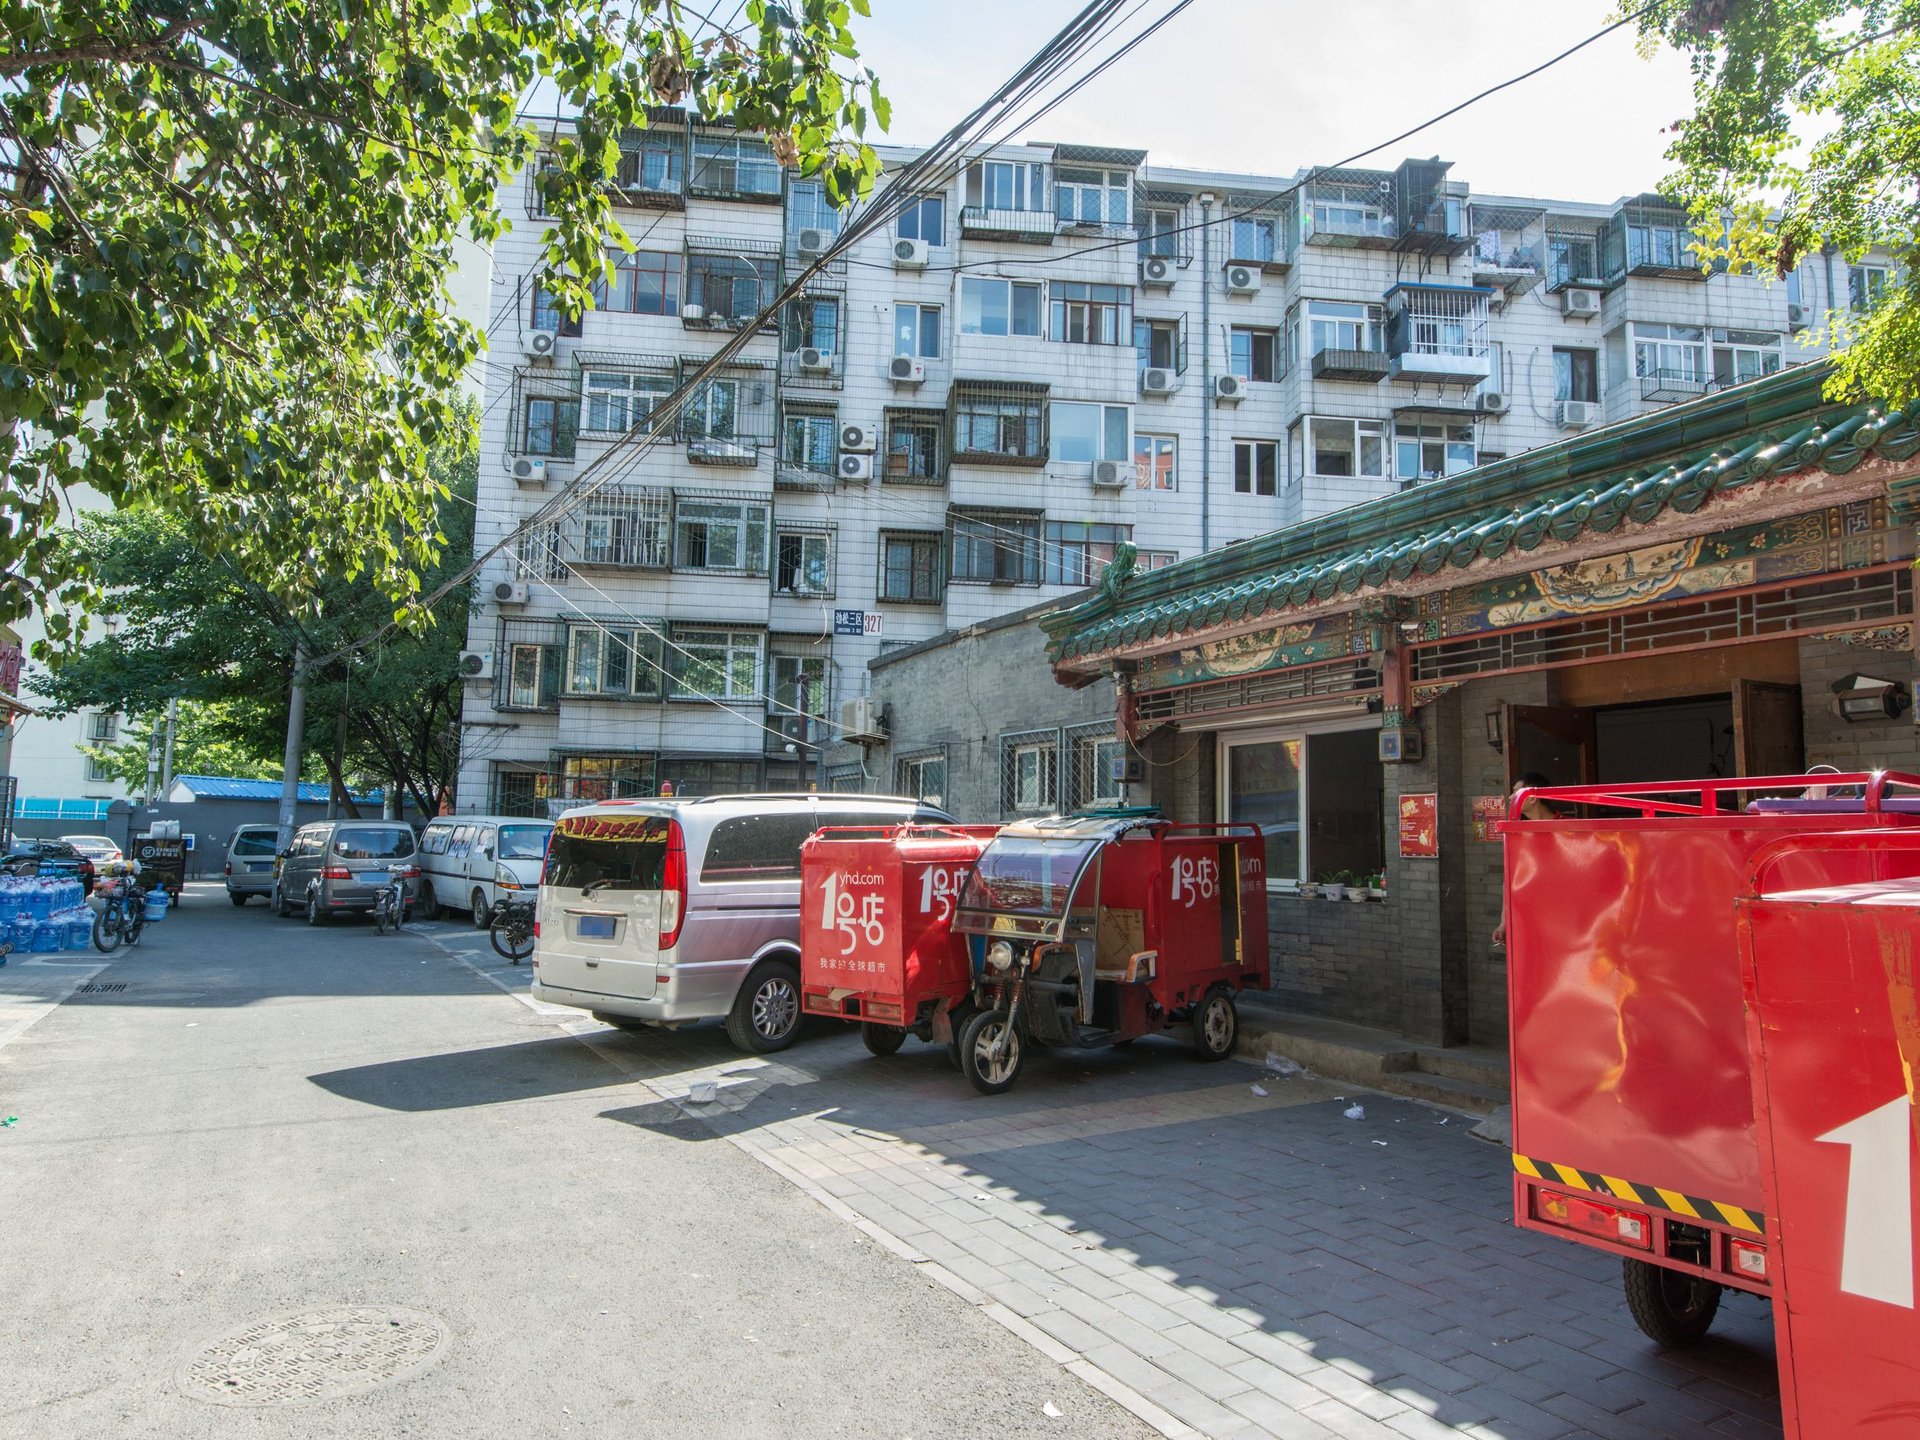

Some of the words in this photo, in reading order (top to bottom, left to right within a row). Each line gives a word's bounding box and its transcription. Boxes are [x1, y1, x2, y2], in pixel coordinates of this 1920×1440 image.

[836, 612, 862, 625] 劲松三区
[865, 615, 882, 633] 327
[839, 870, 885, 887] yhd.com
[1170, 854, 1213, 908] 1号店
= = =
Reprint each of the records exactly and skip the images.

**ANSWER SPACE**
Some of the words in this photo, in reading order (top to bottom, left to right within a row). Each line gives a word's bounding box and its transcription. Boxes are [x1, y1, x2, y2], in pixel coordinates of this 1920×1440 image.

[836, 612, 862, 625] 劲松三区
[865, 615, 882, 633] 327
[839, 870, 885, 887] yhd.com
[1170, 854, 1213, 908] 1号店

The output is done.